I think you are misrepresting my argument and attempt to dismiss it in an odd way.
I am arguing that rules set up by the market do not automagically enforce free market. I am arguing that rules explicitly do the opposite by introducing guard rails, which DO restrict movement in that free market.
Do you honestly believe that rules derive its effects from who sets them up?
To be perfectly honest I’m not sure I find your argument coherent at all.
Can you define what you mean by free market? Is two parties freely coming to a mutually beneficial agreement that they are then constrained by (i.e. a contract) consistent with that definition?
Two private parties, an exchange and individual trading firms, have freely agreed to a set of rules in order to transact on that exchange. What about that is not consistent with the free market?
Well, first I would like to point out that in your example there are three parties with the exchange being the intermediary and trading firms transacting.
Assuming you agree with my characterization, on the surface nothing about the transaction facilitated by the intermediary makes it not consistent. You have my full support here.
Now, your argument appears to revolve around knee jerk reaction to me saying that in real free market, the rules would not artificially prop the market. My argument is that in a true free market, the rules would not restrict it arbitrarily.
Ergo, we do not have a truly free market, but just a reasonable approximation agreed for by various parties.
> Well, first I would like to point out that in your example there are three parties with the exchange being the intermediary and trading firms transacting.
The agreement to restrictions is still between two parties, but you can read it as "two classes of parties" if it makes you feel better.
> Now, your argument appears to revolve around knee jerk reaction to me saying that in real free market, the rules would not artificially prop the market.
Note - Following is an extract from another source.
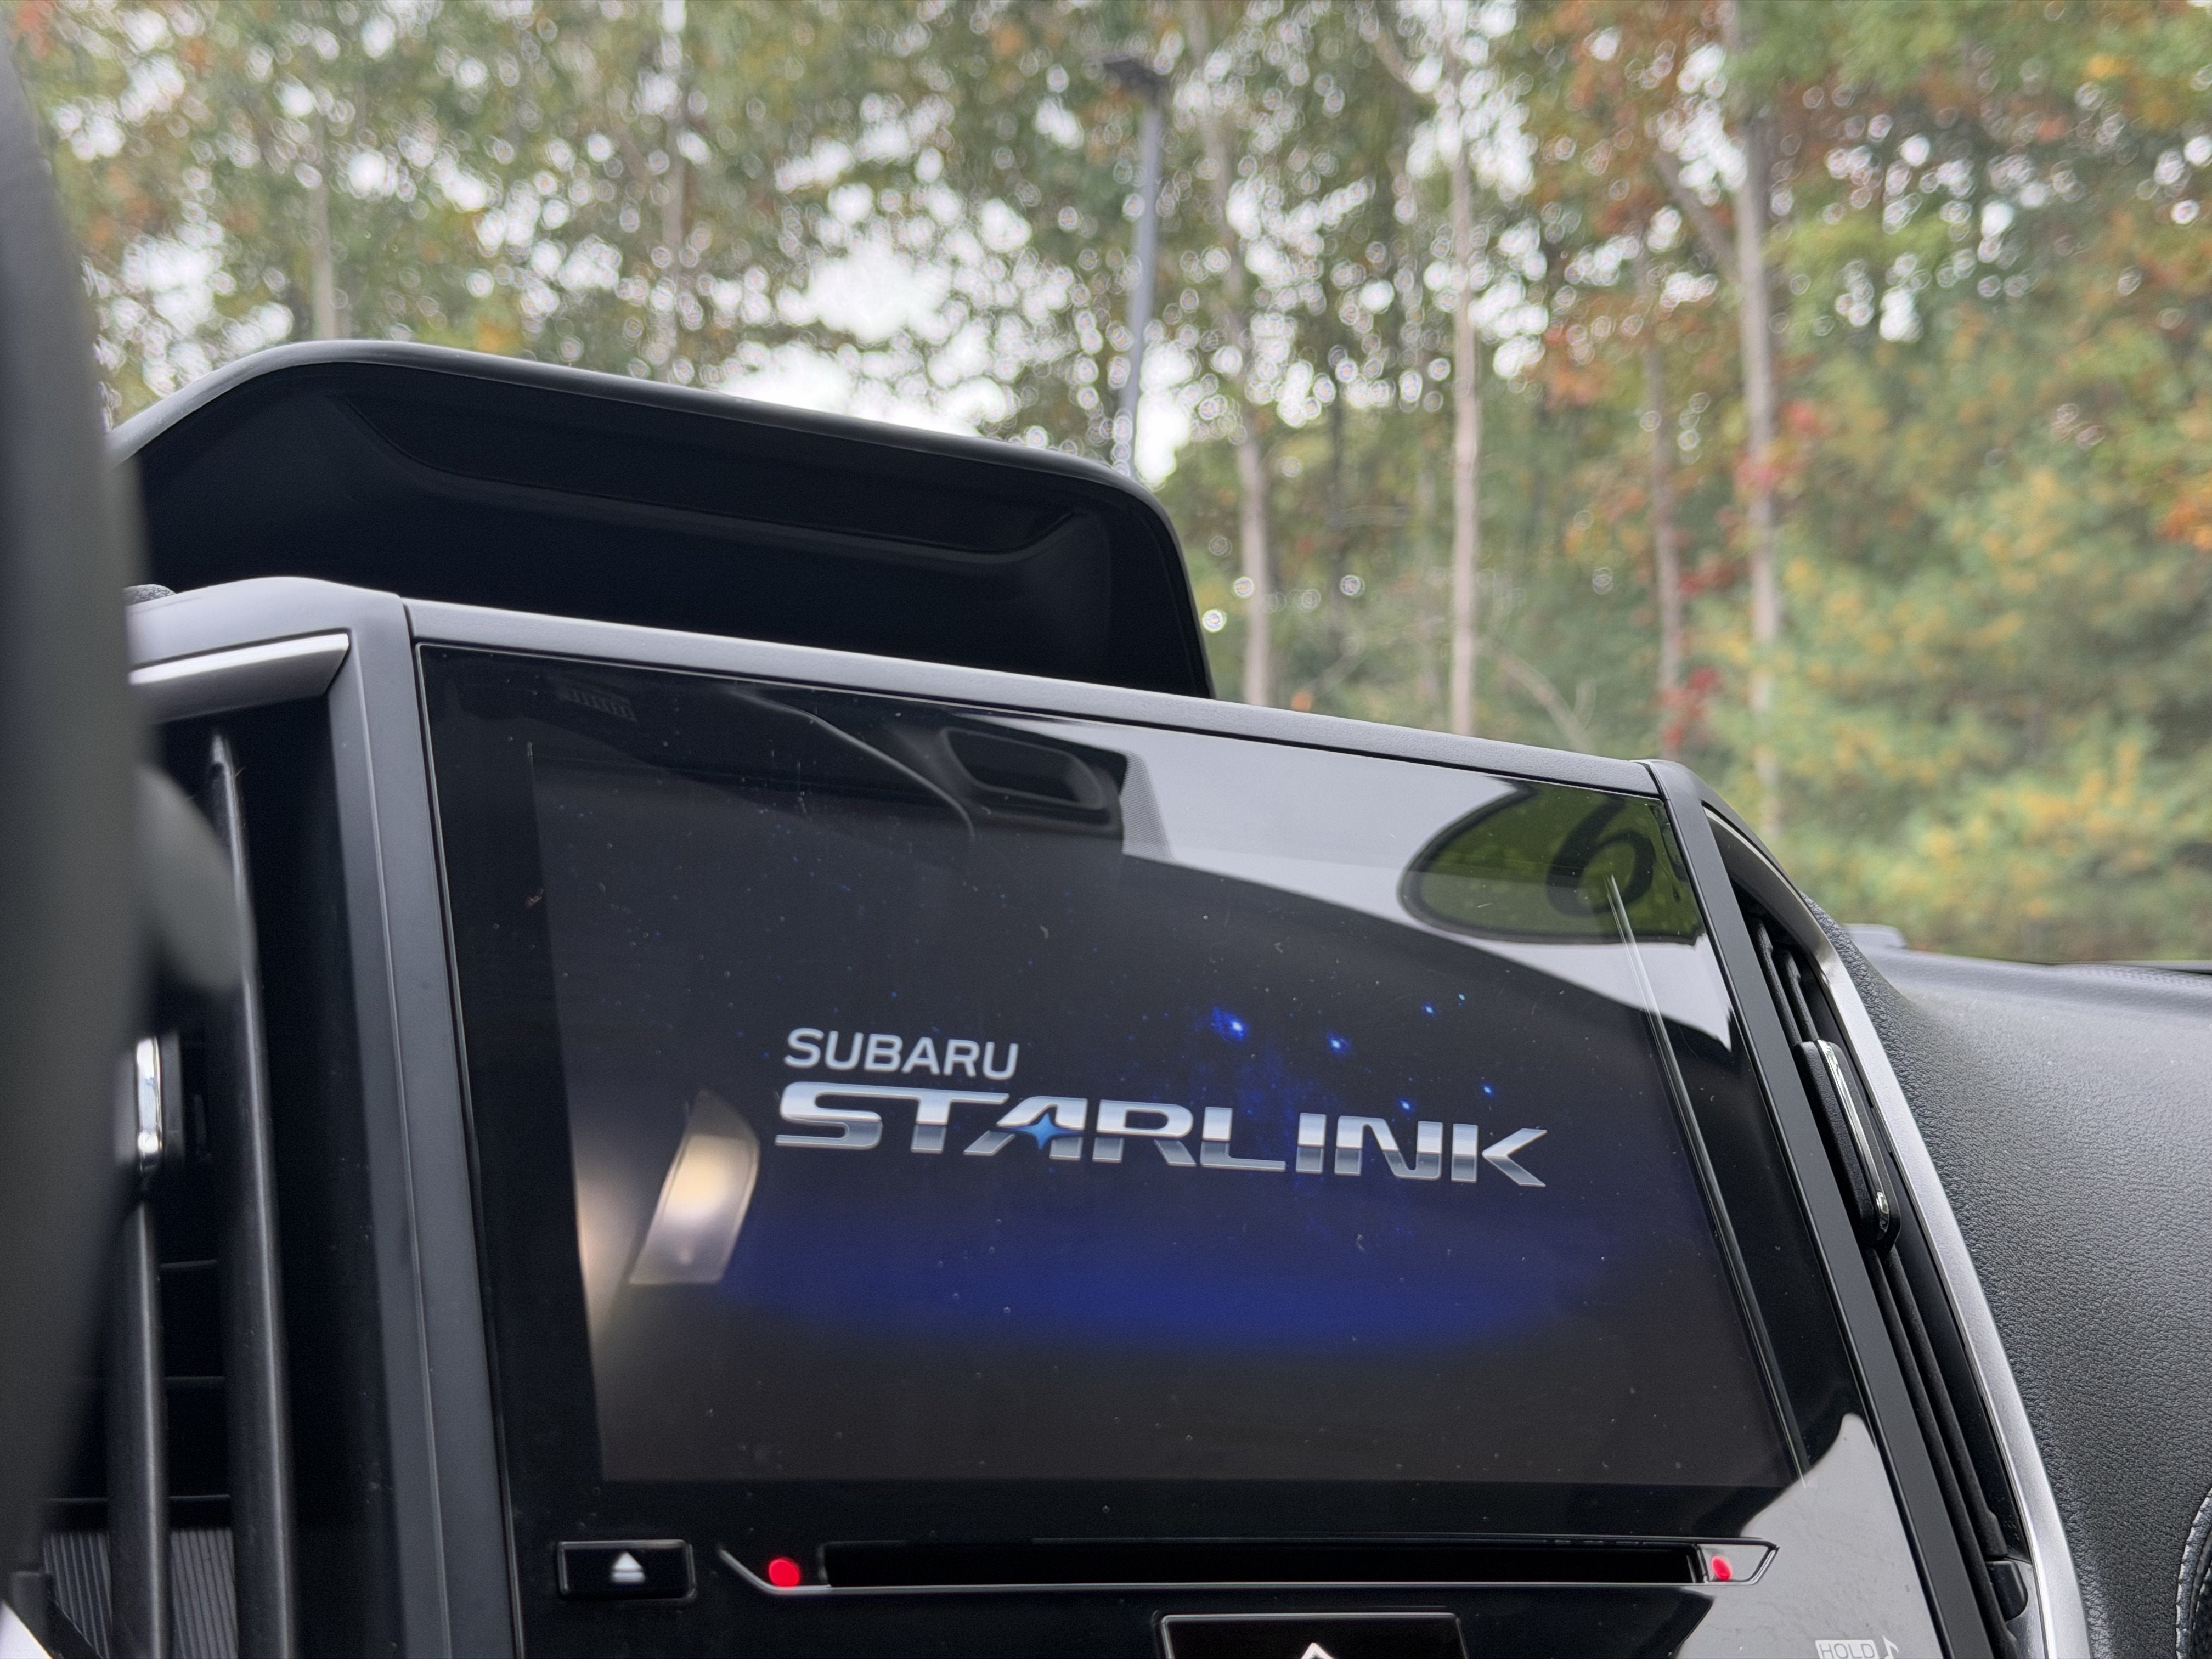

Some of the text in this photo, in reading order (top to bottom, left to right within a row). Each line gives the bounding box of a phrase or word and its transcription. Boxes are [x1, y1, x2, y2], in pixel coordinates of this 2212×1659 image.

My argument is that in a true free market, the rules would not restrict it arbitrarily.
It seems like you're confused about a couple of concepts here and I think it may stem from overloading the words "free market" and the concept of "the free market" generally.
The stock exchange, like any real world marketplace, has many restrictions on trading. These make it a market that is not free in the sense that you cannot trade however or whenever you like. However, the free market is a distinct concept from any individual exchange. It means that parties involved in the open market (i.e. everyone) are able to freely exchange goods and services as they choose. This may involve entering into agreements (like contracts) that restrict future actions, but as long as those agreements are freely agreed to, this is still consistent with the concept of a free market generally. Thus, the fact the stock market has restrictions is still consistent with the concept of a free market so long as the participants freely agreed to those restrictions.
I am arguing that rules set up by the market do not automagically enforce free market. I am arguing that rules explicitly do the opposite by introducing guard rails, which DO restrict movement in that free market.
Do you honestly believe that rules derive its effects from who sets them up?